» **EXERCISE**: Reproduce all of the entries below exactly, without images.

Stored records:
* * *
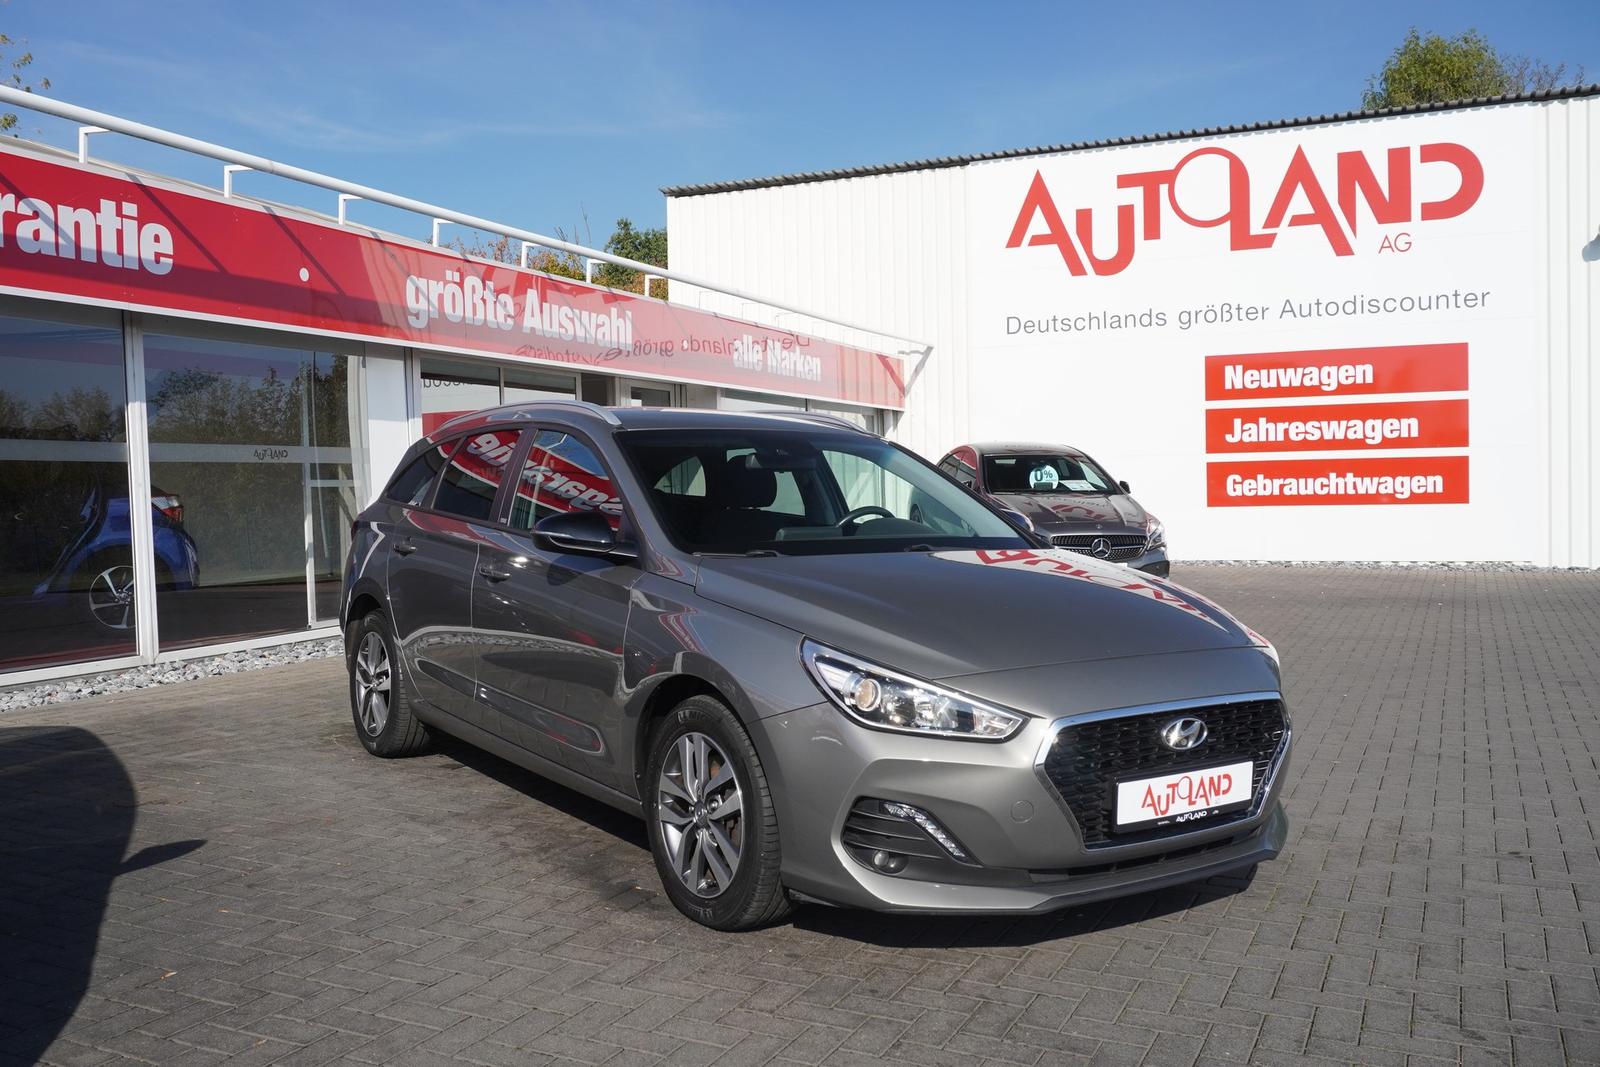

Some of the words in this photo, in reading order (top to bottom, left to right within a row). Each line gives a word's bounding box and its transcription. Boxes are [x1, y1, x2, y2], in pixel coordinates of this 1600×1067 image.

[1005, 142, 1485, 277] AUTOLAND
[1378, 232, 1413, 254] AG
[406, 270, 515, 331] größte
[522, 288, 633, 351] Auswahl
[1006, 306, 1167, 335] Deutschlands
[1178, 302, 1270, 331] größter
[1279, 288, 1491, 320] Autodiscounter
[733, 334, 763, 372] alle
[767, 338, 822, 382] Marken
[1224, 362, 1374, 391] Neuwagen
[1225, 416, 1419, 445] Jahreswagen
[1226, 472, 1444, 500] Gebrauchtwagen
[1141, 773, 1233, 817] AUTOLAND
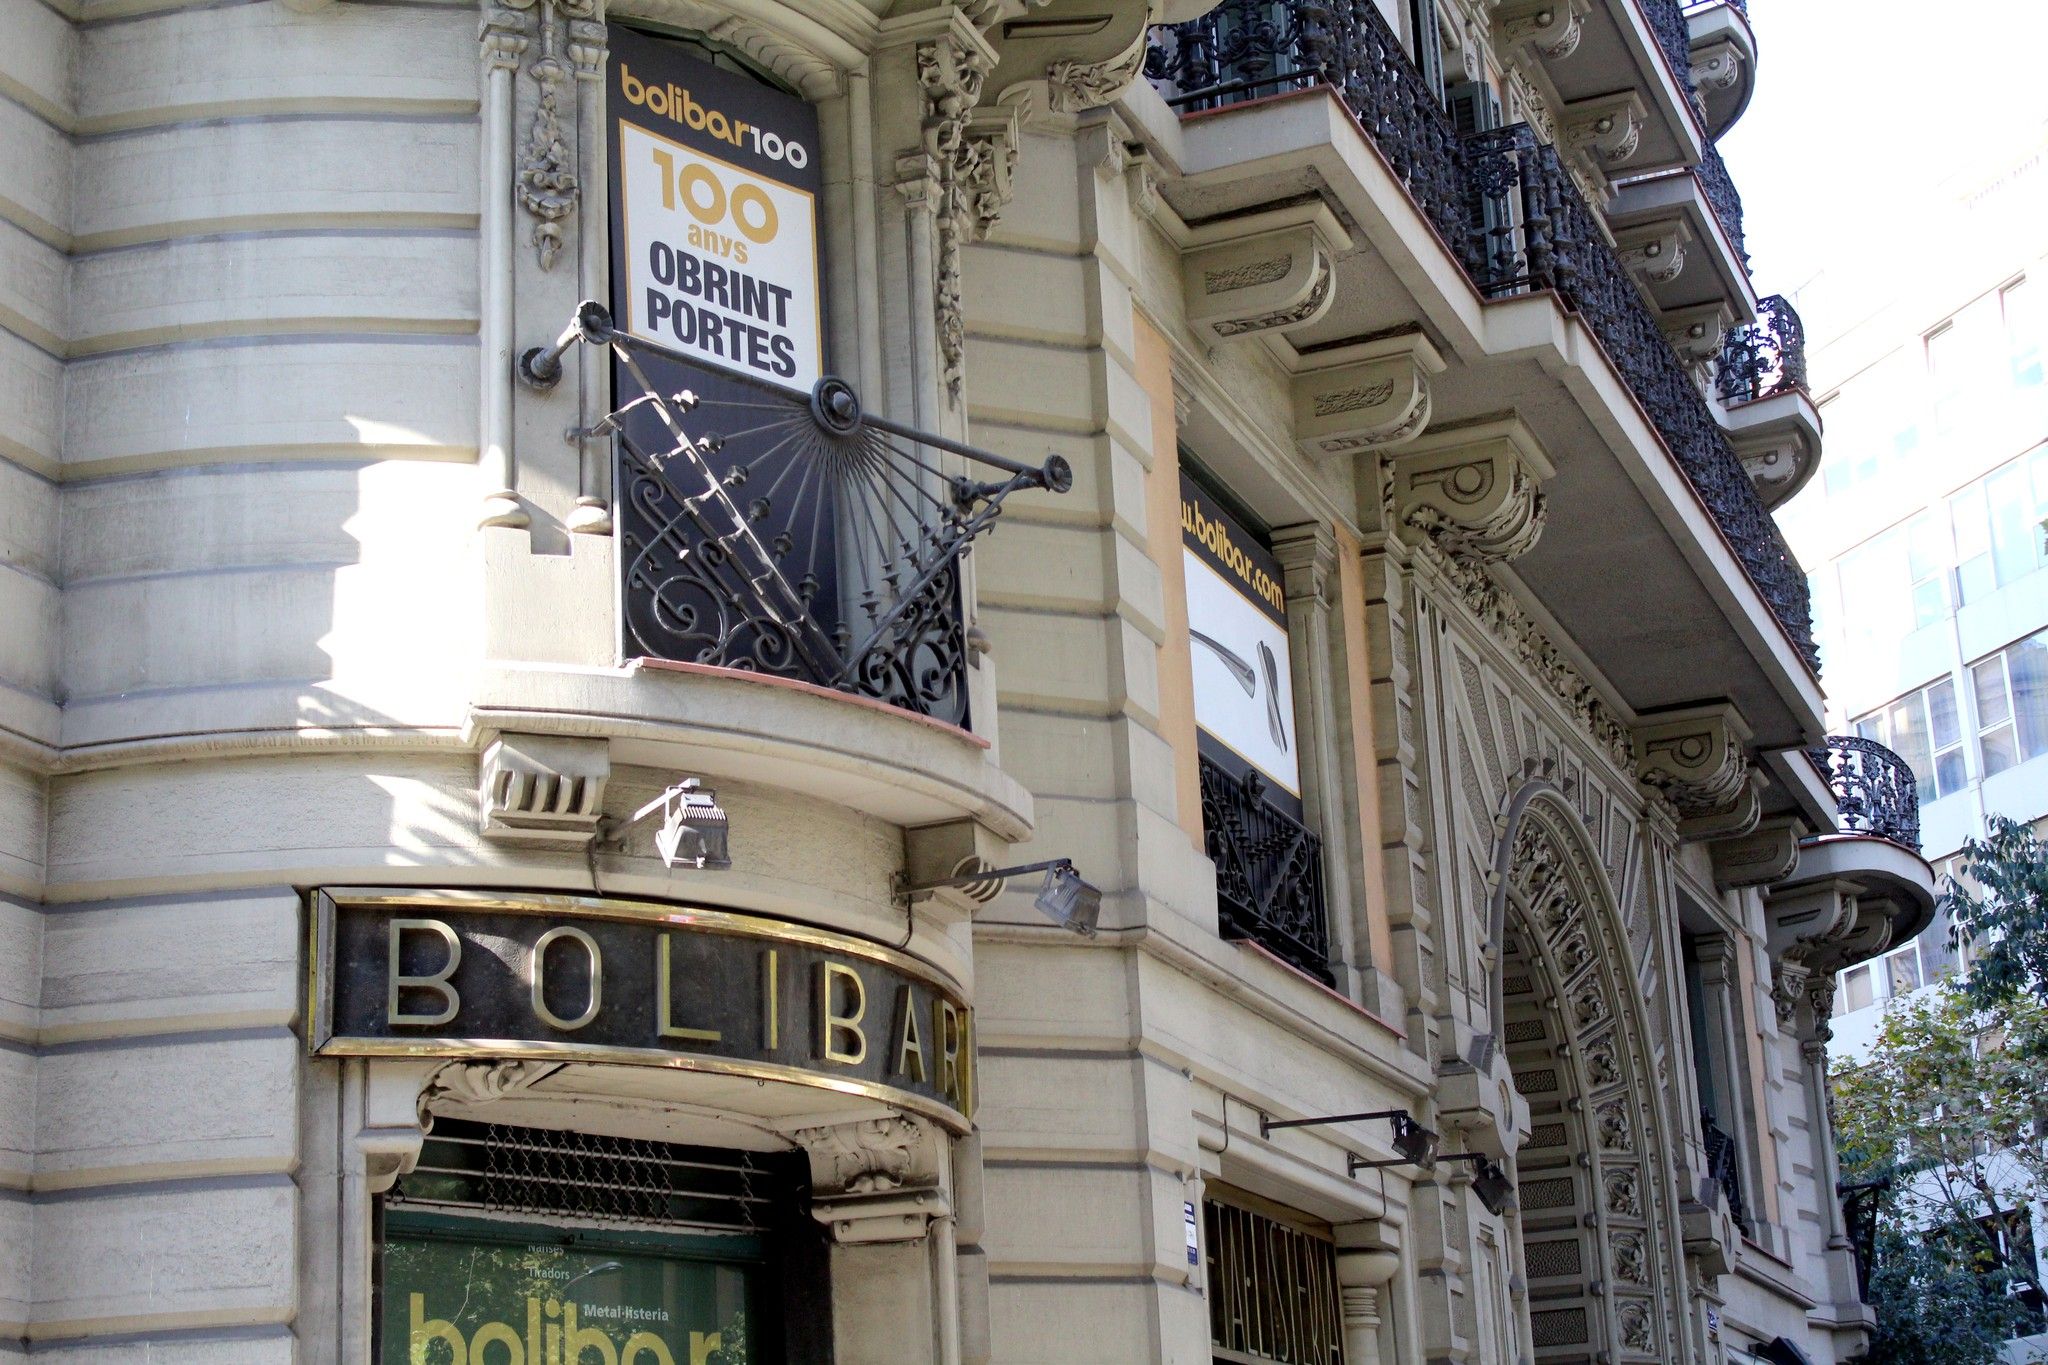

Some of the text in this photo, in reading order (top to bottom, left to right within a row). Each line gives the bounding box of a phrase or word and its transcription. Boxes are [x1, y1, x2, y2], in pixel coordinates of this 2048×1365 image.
* * *
» **WRITTEN ANSWER**:
Some of the words in this photo, in reading order (top to bottom, left to right within a row). Each line gives a word's bounding box and its transcription. Boxes are [x1, y1, x2, y2], in pixel coordinates of this 1600×1067 image.

[1005, 142, 1485, 277] AUTOLAND
[1378, 232, 1413, 254] AG
[406, 270, 515, 331] größte
[522, 288, 633, 351] Auswahl
[1006, 306, 1167, 335] Deutschlands
[1178, 302, 1270, 331] größter
[1279, 288, 1491, 320] Autodiscounter
[733, 334, 763, 372] alle
[767, 338, 822, 382] Marken
[1224, 362, 1374, 391] Neuwagen
[1225, 416, 1419, 445] Jahreswagen
[1226, 472, 1444, 500] Gebrauchtwagen
[1141, 773, 1233, 817] AUTOLAND

Some of the text in this photo, in reading order (top to bottom, left to right within a row). Each line gives the bounding box of a phrase or word and its transcription. Boxes are [x1, y1, x2, y2], in pixel coordinates of this 2048×1365 image.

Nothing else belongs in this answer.